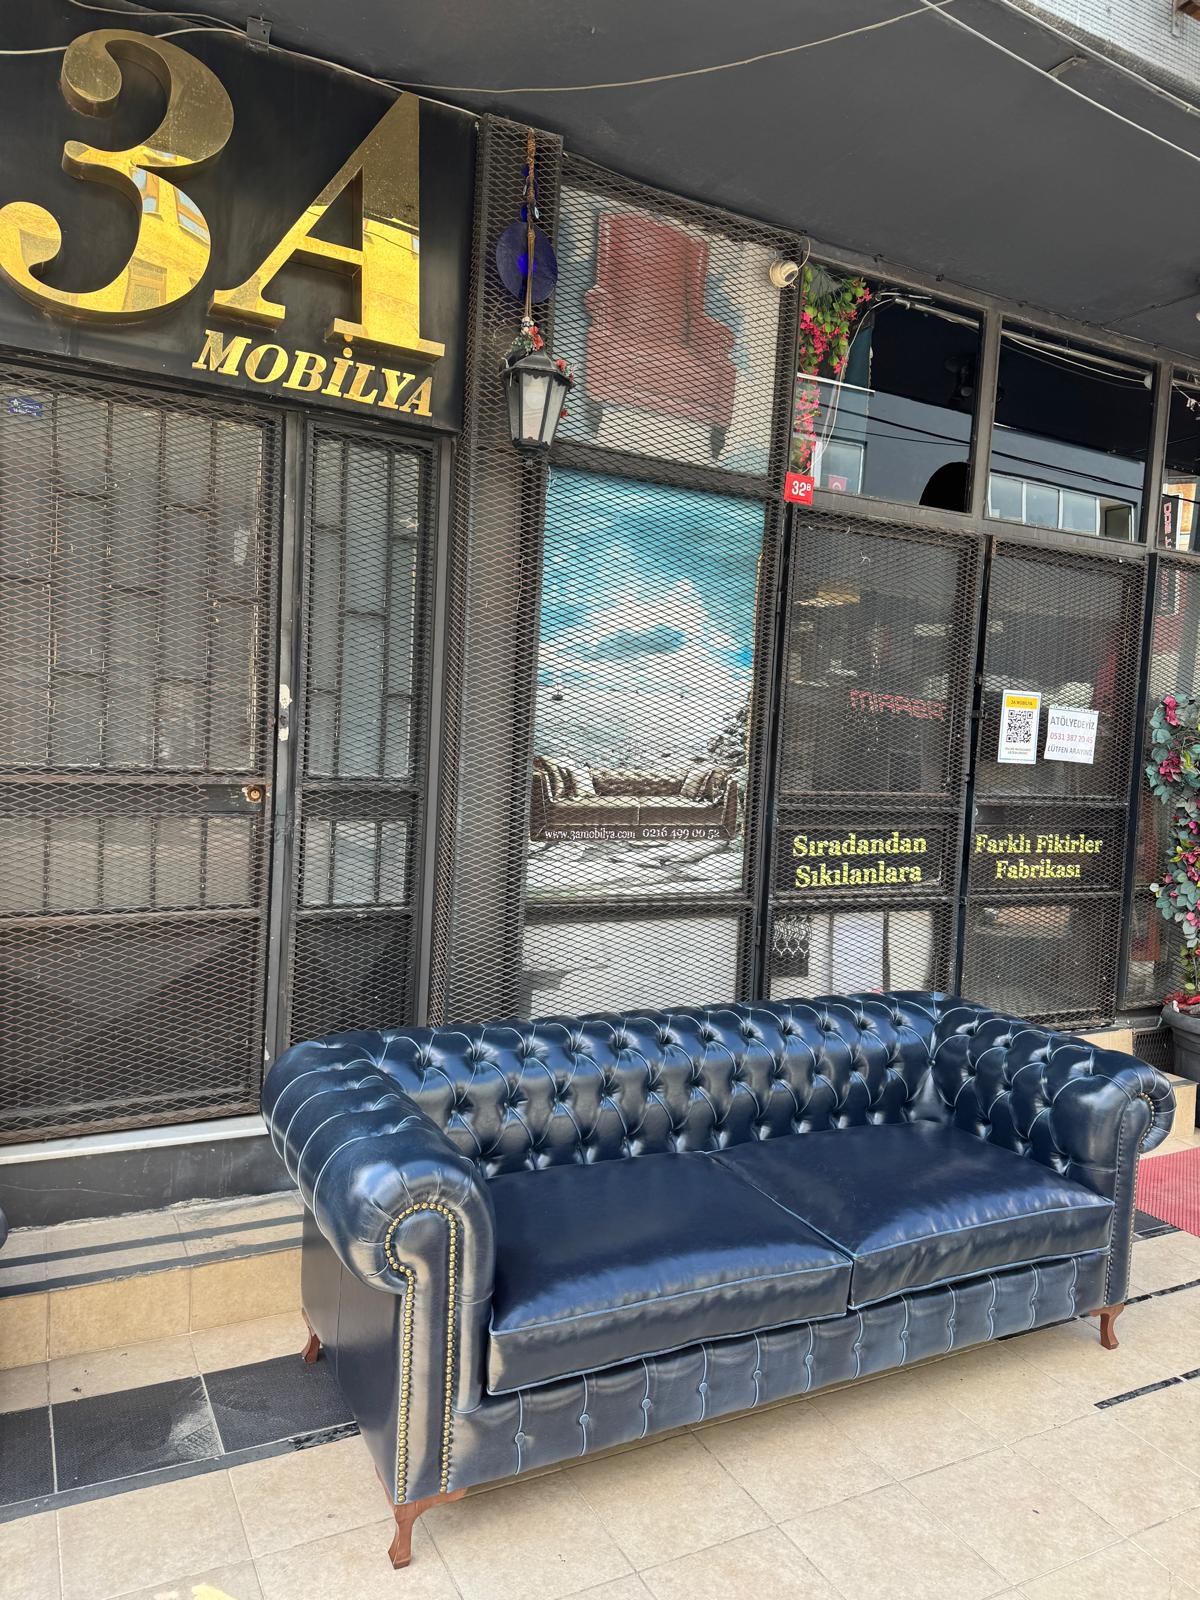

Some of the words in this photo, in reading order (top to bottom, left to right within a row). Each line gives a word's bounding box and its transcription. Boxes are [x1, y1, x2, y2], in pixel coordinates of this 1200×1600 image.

[0, 28, 445, 358] 3A
[191, 329, 433, 417] MOBİLYA
[1047, 744, 1069, 754] LÜTFEN
[545, 827, 636, 841] www.3amobilya.com
[643, 827, 667, 838] 0216
[671, 828, 689, 841] 499
[792, 831, 927, 857] Sıradandan
[975, 833, 1032, 854] Farklı
[1036, 833, 1104, 854] Fikirler
[795, 860, 923, 888] Sıkılanlara
[995, 858, 1081, 879] Fabrikası
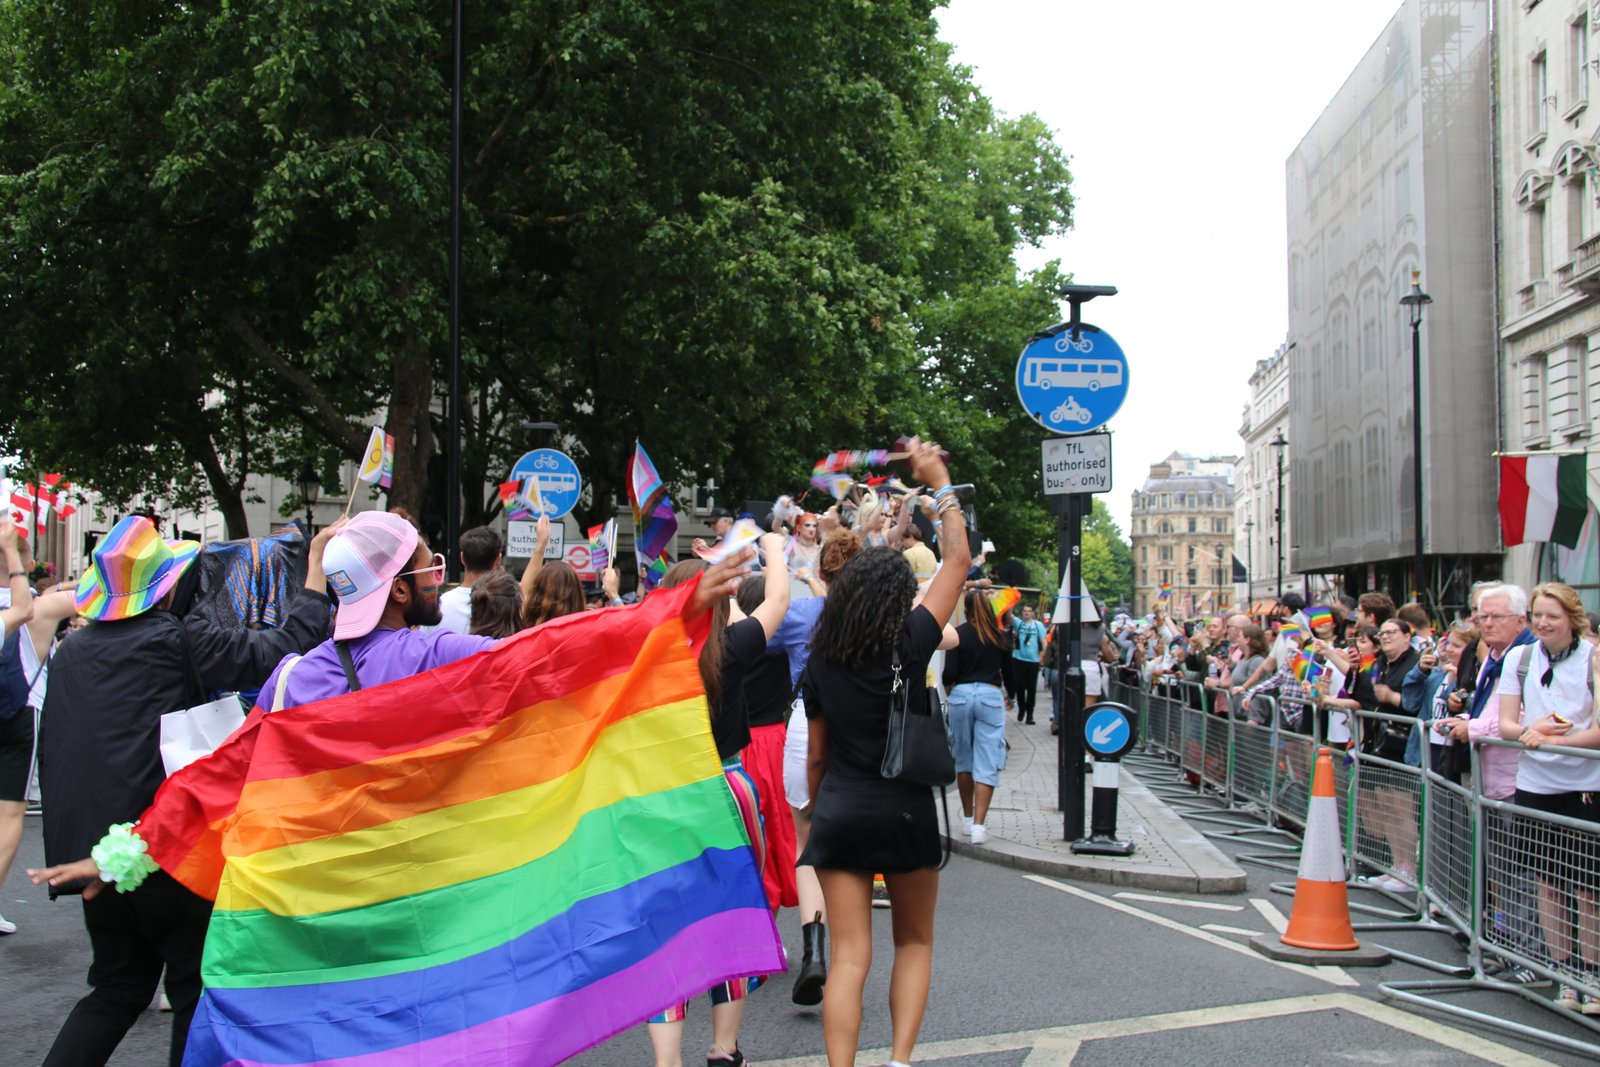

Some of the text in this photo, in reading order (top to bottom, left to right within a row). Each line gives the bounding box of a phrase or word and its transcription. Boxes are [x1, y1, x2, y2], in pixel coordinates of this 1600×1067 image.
--------------------
▶ **Instructions for the task**
Repeat each entry exactly as given; no pictures belong in the copy.

▶ **Result of the task**
Some of the words in this photo, in reading order (top to bottom, left to right within a row). Each line gives a word's bounding box and its transcription. Boxes are [x1, y1, x2, y2], in pixel coordinates of this 1200×1600 image.

[0, 28, 445, 358] 3A
[191, 329, 433, 417] MOBİLYA
[1047, 744, 1069, 754] LÜTFEN
[545, 827, 636, 841] www.3amobilya.com
[643, 827, 667, 838] 0216
[671, 828, 689, 841] 499
[792, 831, 927, 857] Sıradandan
[975, 833, 1032, 854] Farklı
[1036, 833, 1104, 854] Fikirler
[795, 860, 923, 888] Sıkılanlara
[995, 858, 1081, 879] Fabrikası

Some of the text in this photo, in reading order (top to bottom, left to right within a row). Each line gives the bounding box of a phrase or word and its transcription. Boxes are [x1, y1, x2, y2], in pixel coordinates of this 1600×1067 image.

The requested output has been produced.